No sé qué es peor, si estar tan desesperada por casarte que casi obligues al hombre con el que estás a que “de el paso” o ponerte a llorar cual loca maniaca en público (frente a tu Cirilo) porque no se quiere casar contigo.

Aquí no me voy a dar lapos de santidad. La neta, la neta, la neta, en algún momento de mi vida la presión hizo de las suyas y, al ver a todas mis amigas casarse, me entró un poco (bastante) de desesperación.

Lo que pasa es que, tras pensarlo detenidamente, comprendí que la presión social es una porquería y que la desesperación sólo me iba a llevar a ahuyentar a cuanto Cirilo me pelara el diente.

Así que decidí, una mañana cualquiera, en mi departamento de soltera, que me importaba un bledo si se casaba todo el mundo menos yo, que, en el peor de los casos, sería la tía solterona con un millón de perros (soy alérgica a los gatos), pero desesperada ¡jamás!

Y es que si digo que no sé qué es peor, si la desesperación o ya de plano ponerse de tapete de esa manera, es porque lo vi con estos ojos que se han de comer los gusanos. Aquella Cirila, después de varios (muchos, demasiados) tequilas fondo blanco, hizo un show al mejor estilo TNT y, aunque yo tampoco pelé el cobre tan hondo en mi época de presión social, pude comprender de dónde venía su dolor que la llevó a hacer uno de los osos más grandes que he presenciado en mi vida adulta.
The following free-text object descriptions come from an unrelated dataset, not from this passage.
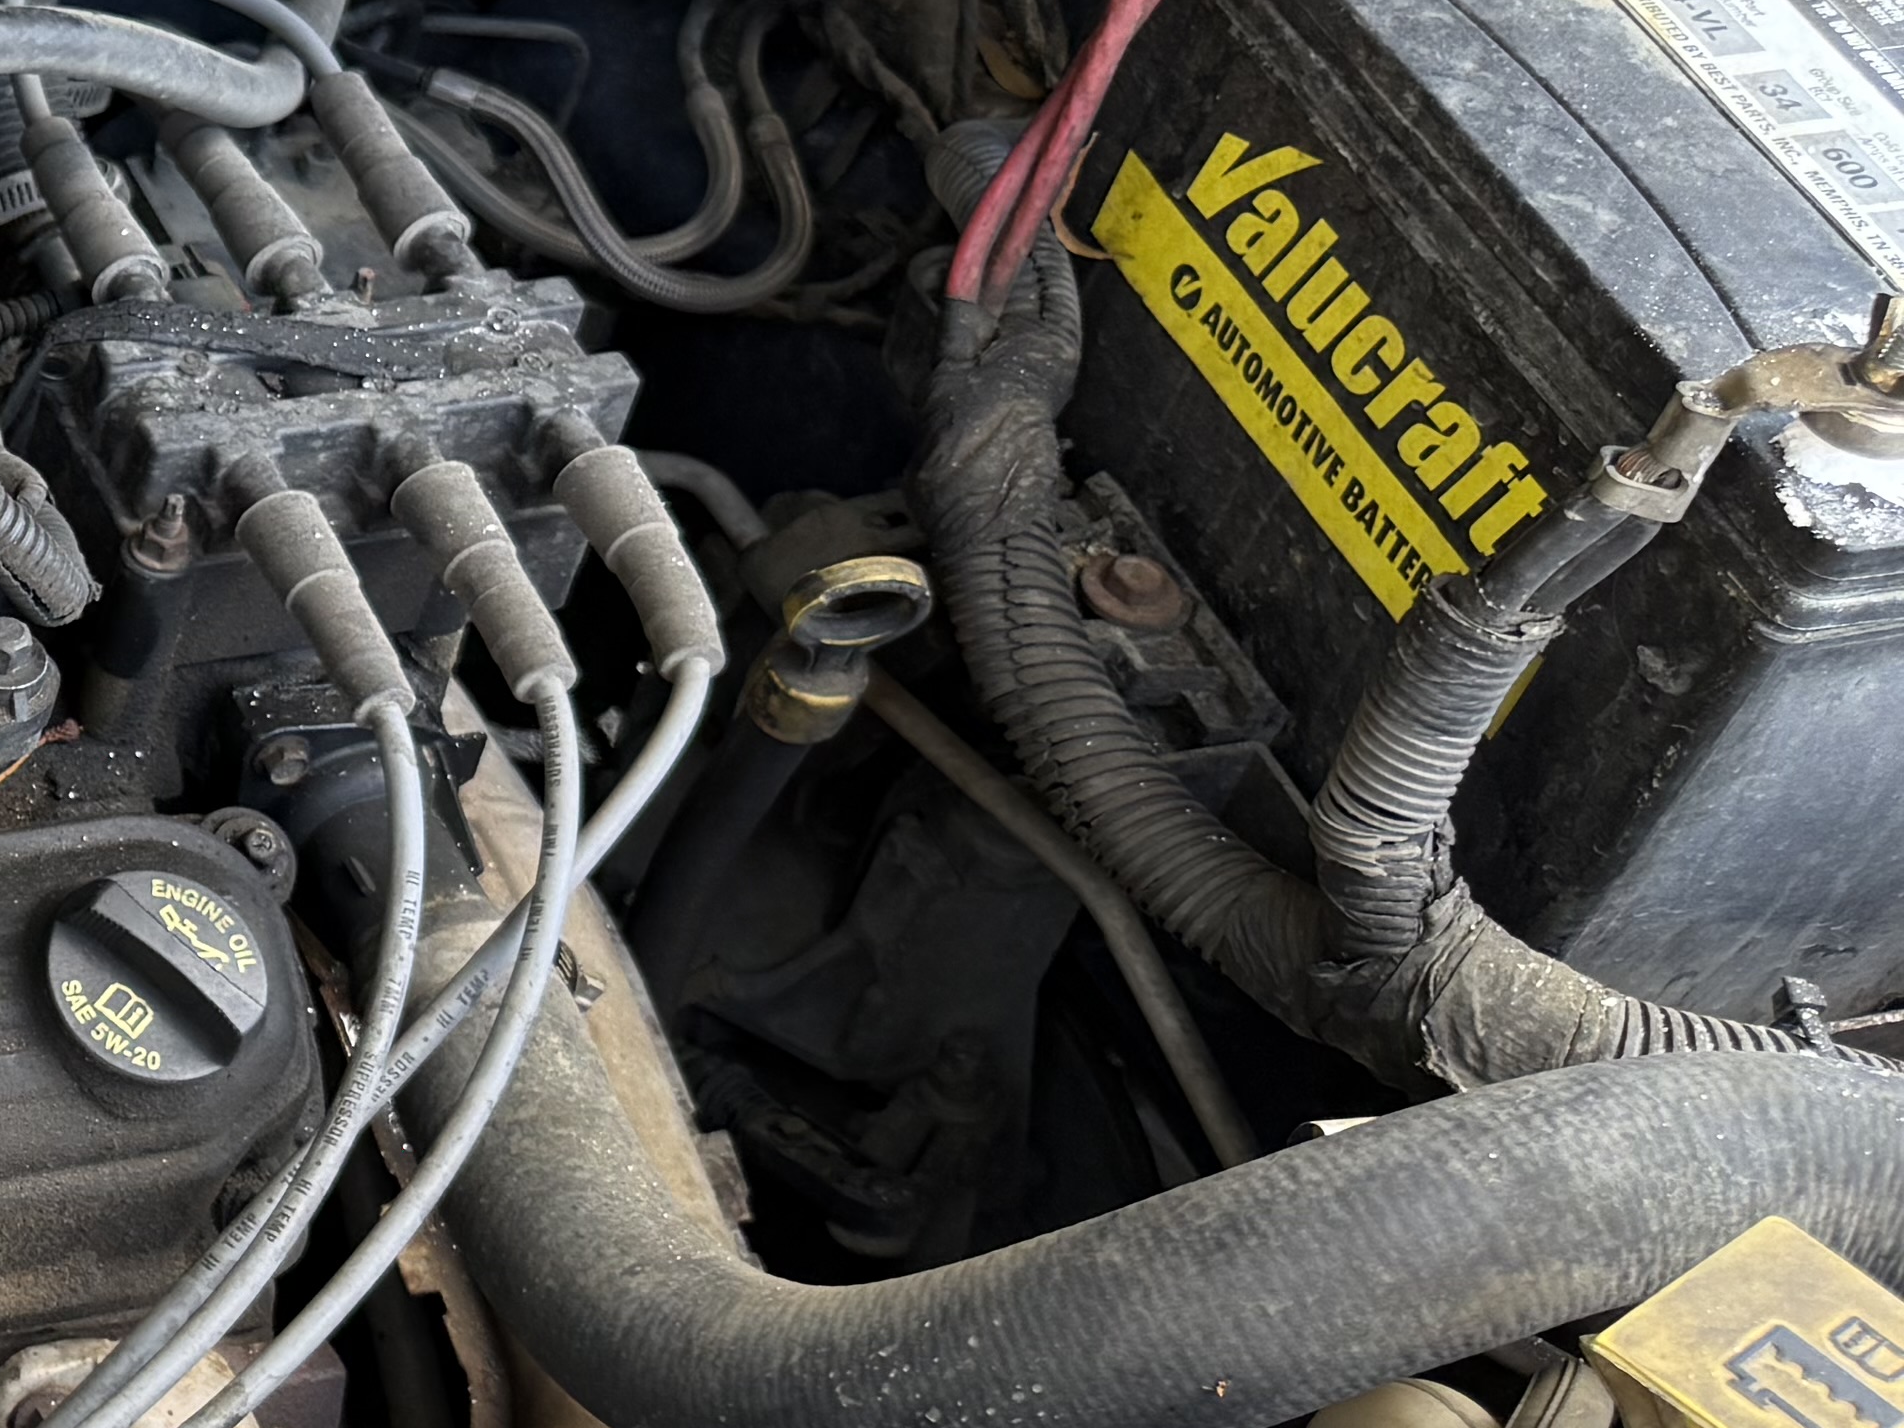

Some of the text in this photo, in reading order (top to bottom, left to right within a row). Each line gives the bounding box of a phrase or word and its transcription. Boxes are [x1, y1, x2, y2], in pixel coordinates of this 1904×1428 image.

[1808, 0, 1839, 18] TIP.
[1826, 19, 1855, 33] DO
[1839, 32, 1871, 51] NOT
[1756, 82, 1803, 111] 34
[1805, 67, 1845, 95] Group
[1681, 44, 1707, 60] BY
[1698, 62, 1739, 92] BEST
[1727, 94, 1779, 135] PARTS,
[1802, 170, 1872, 231] MEMPHIS,
[1864, 234, 1890, 250] TN
[1819, 146, 1881, 190] 600
[1185, 131, 1549, 556] Valucraft
[1199, 306, 1432, 595] AUTOMOTIVE BATTER
[151, 879, 257, 973] ENGINE OIL
[399, 898, 417, 940] TEMP
[62, 979, 161, 1070] SAE 5W-20
[323, 1051, 377, 1146] SUPPRESSOR
[200, 1253, 220, 1271] HI
[222, 1213, 257, 1249] TEMP
[436, 1010, 454, 1028] HI
[294, 1179, 312, 1196] HI
[264, 1204, 296, 1242] TEMP
Algo que no podemos olvidar (nunca, nunca, no importa cuán desesperada puedas estar) es que entre más presionas a tu Cirilo para que se anime a tirarse al vacío que les genera a los hombres el matrimonio, más se aleja y se rehúsa. Uno no tiene que andar convenciendo a nadie para que se “anime”, el matrimonio es una decisión adulta y, definitivamente, no es “el paso que sigue”.

Muchas mujeres piensan, no sólo que el matrimonio es la solución a todas sus angustias y todos sus quebrantos (como diría Luismi), sino que hasta es la solución para sus problemas de pareja; luego, piensan que son los hijos, pero esa es otra historia.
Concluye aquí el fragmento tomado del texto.